RECORDS PROVIDED:
- - - -

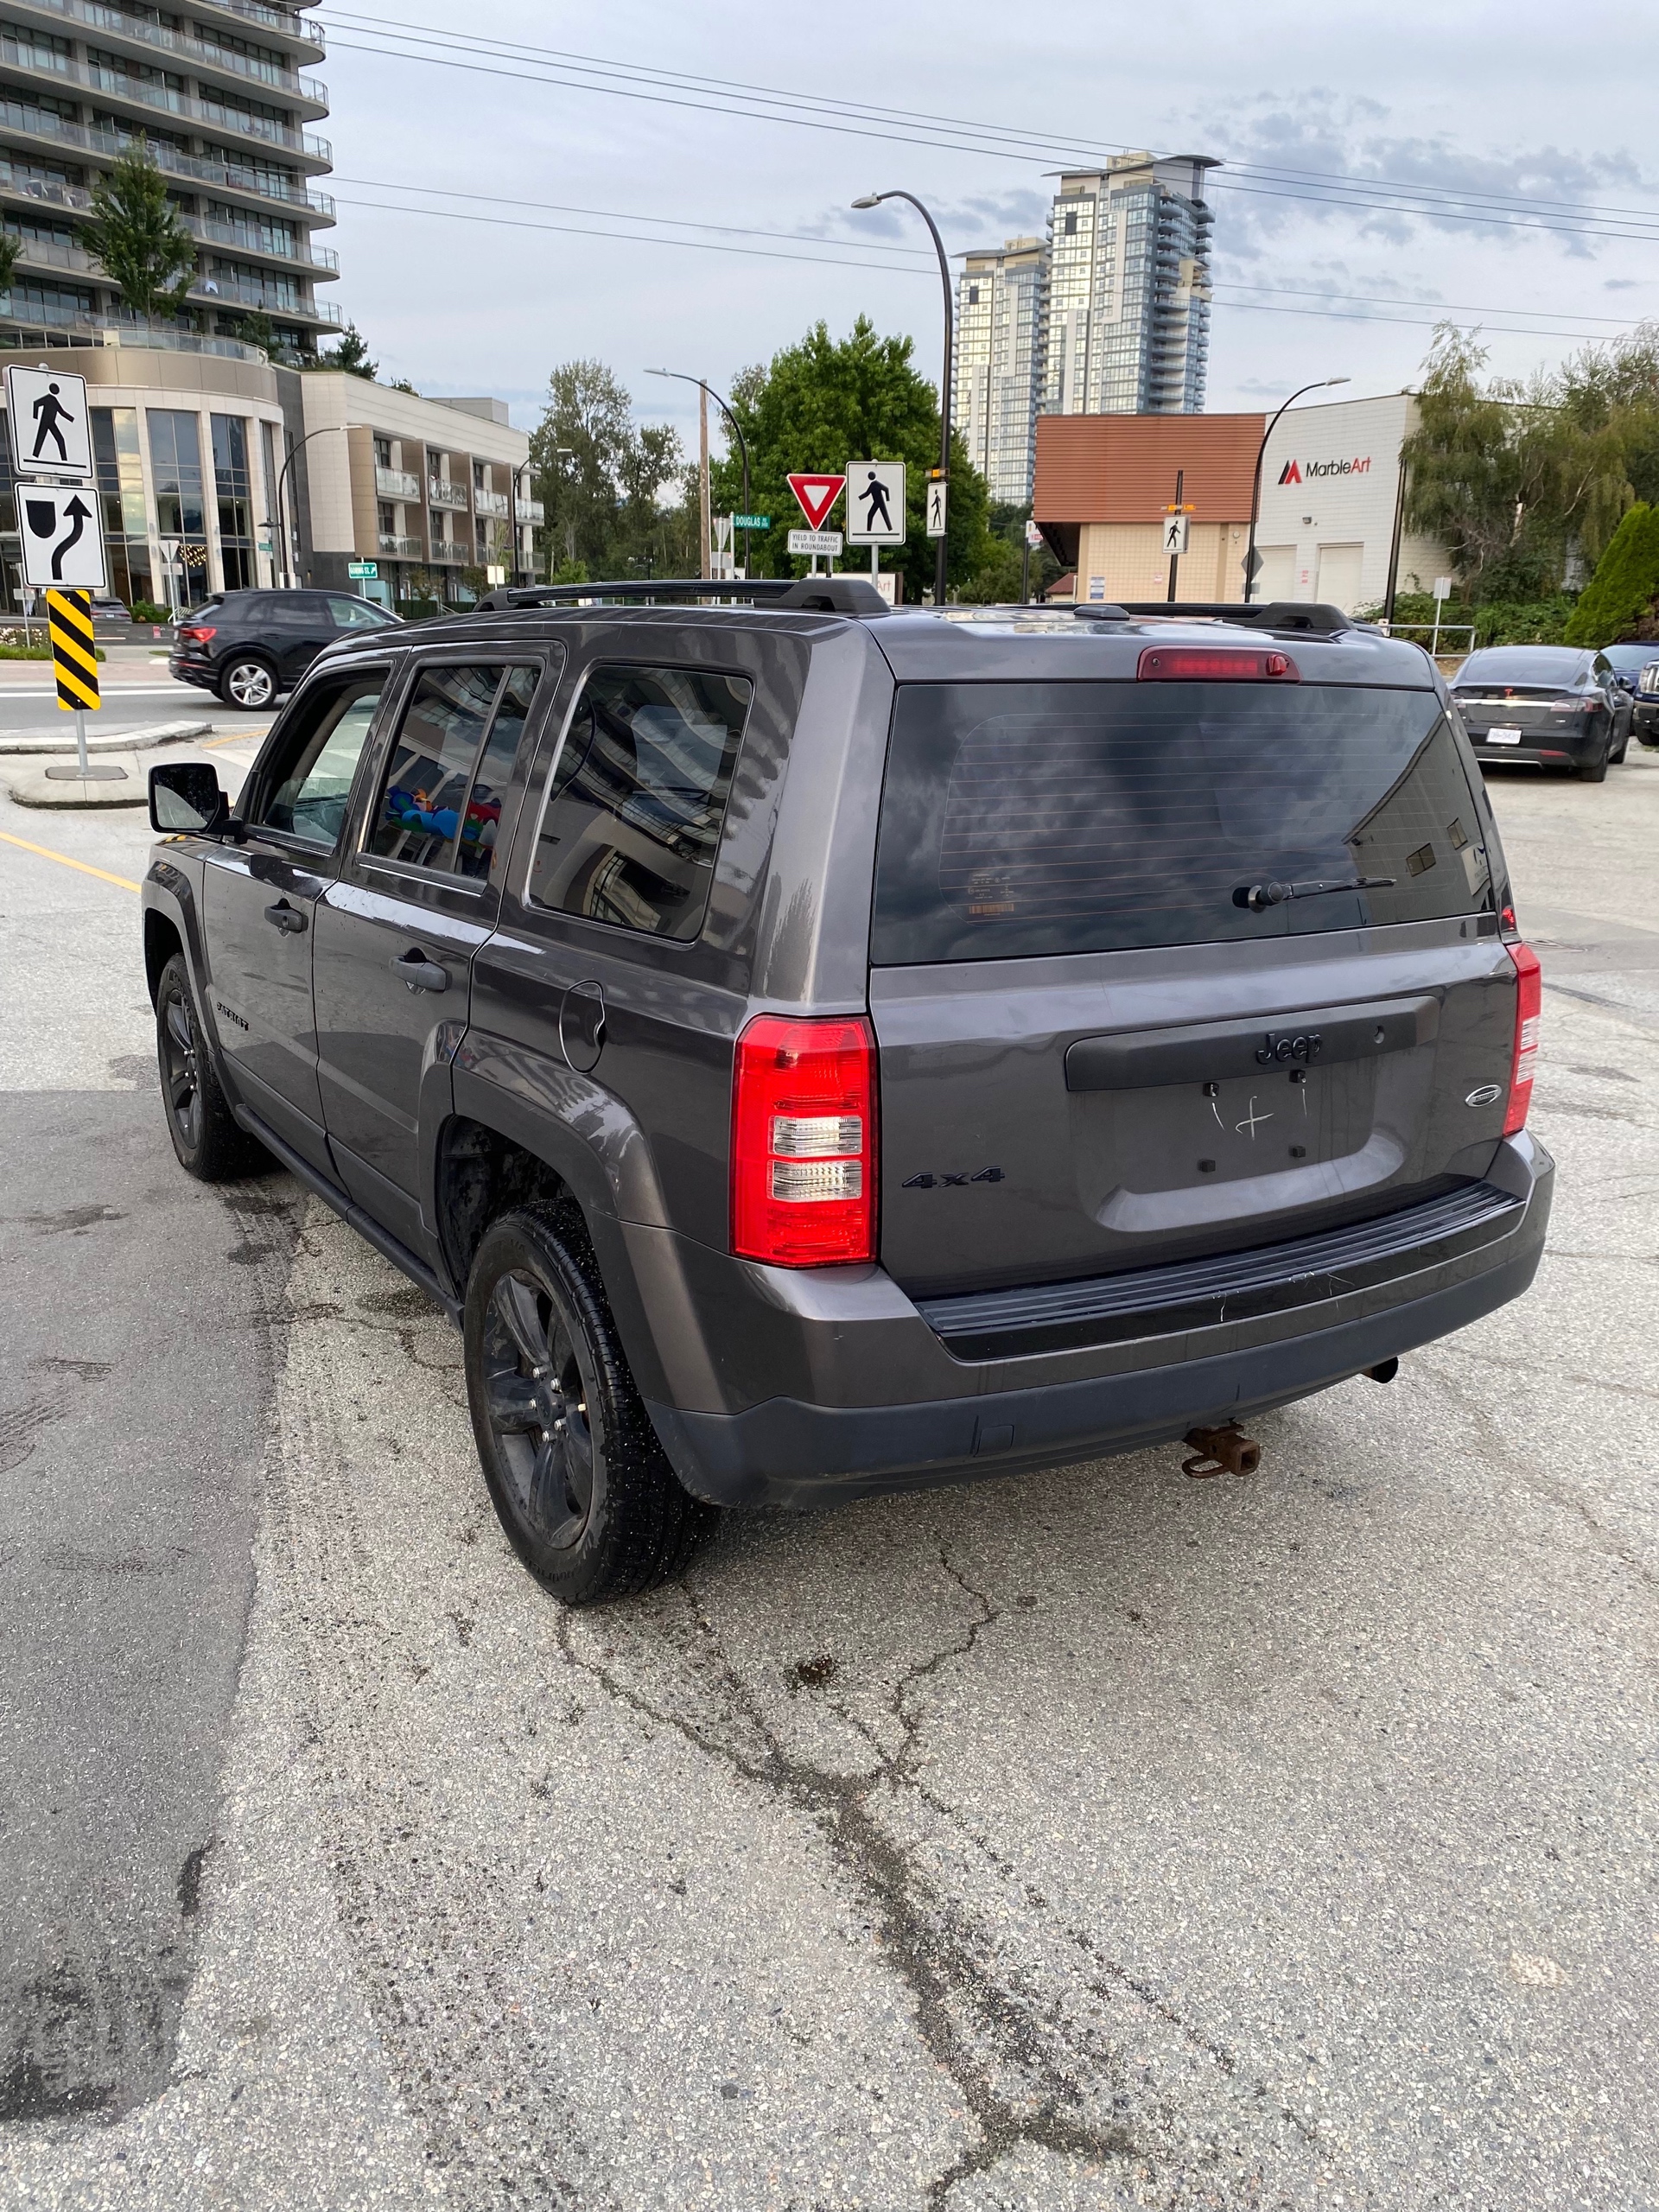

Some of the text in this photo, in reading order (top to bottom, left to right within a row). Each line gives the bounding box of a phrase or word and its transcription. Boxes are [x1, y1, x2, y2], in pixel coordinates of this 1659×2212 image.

[1306, 456, 1371, 477] MarbleArt
[735, 516, 760, 526] DOUGLAS
[217, 1001, 249, 1031] PATRIOT
[1255, 1033, 1323, 1065] Jeep
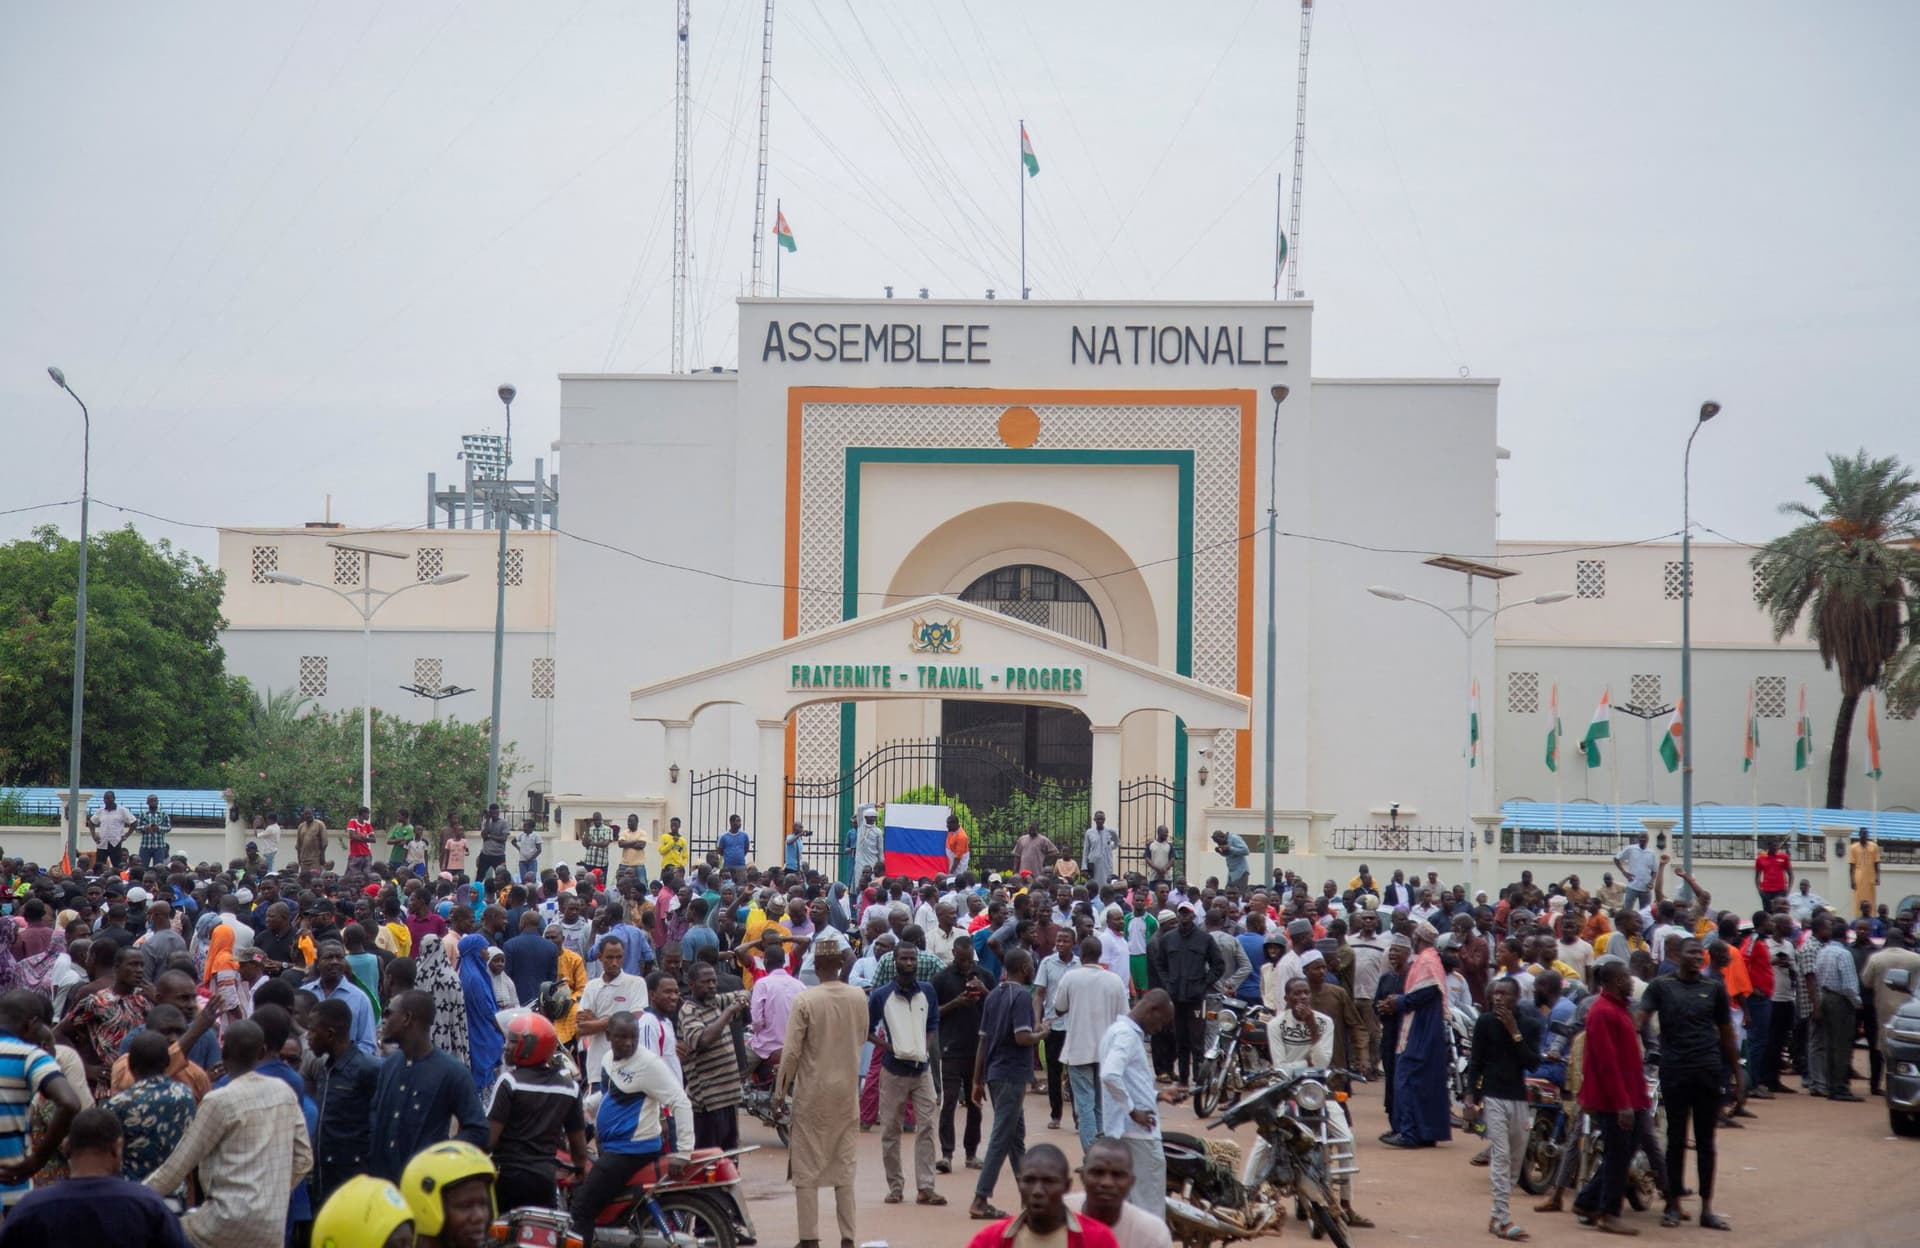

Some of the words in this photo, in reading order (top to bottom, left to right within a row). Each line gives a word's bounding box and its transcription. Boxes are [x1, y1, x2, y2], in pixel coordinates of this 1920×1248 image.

- - - -

PROBLEM TO WORK ON:
Copy out all of the listing word for word, but skip the images.

RESULT:
Some of the text in this photo, in reading order (top to bottom, left to right within a row). Each line gives the bounding box of a phrase or word and its transcription. Boxes are [x1, y1, x2, y2], in pixel coordinates of this 1659×2212 image.

[1306, 456, 1371, 477] MarbleArt
[735, 516, 760, 526] DOUGLAS
[217, 1001, 249, 1031] PATRIOT
[1255, 1033, 1323, 1065] Jeep

Some of the words in this photo, in reading order (top to bottom, left to right within a row). Each line gives a word's bounding box and its transcription. Boxes are [x1, y1, x2, y2], in pixel coordinates of this 1920×1248 image.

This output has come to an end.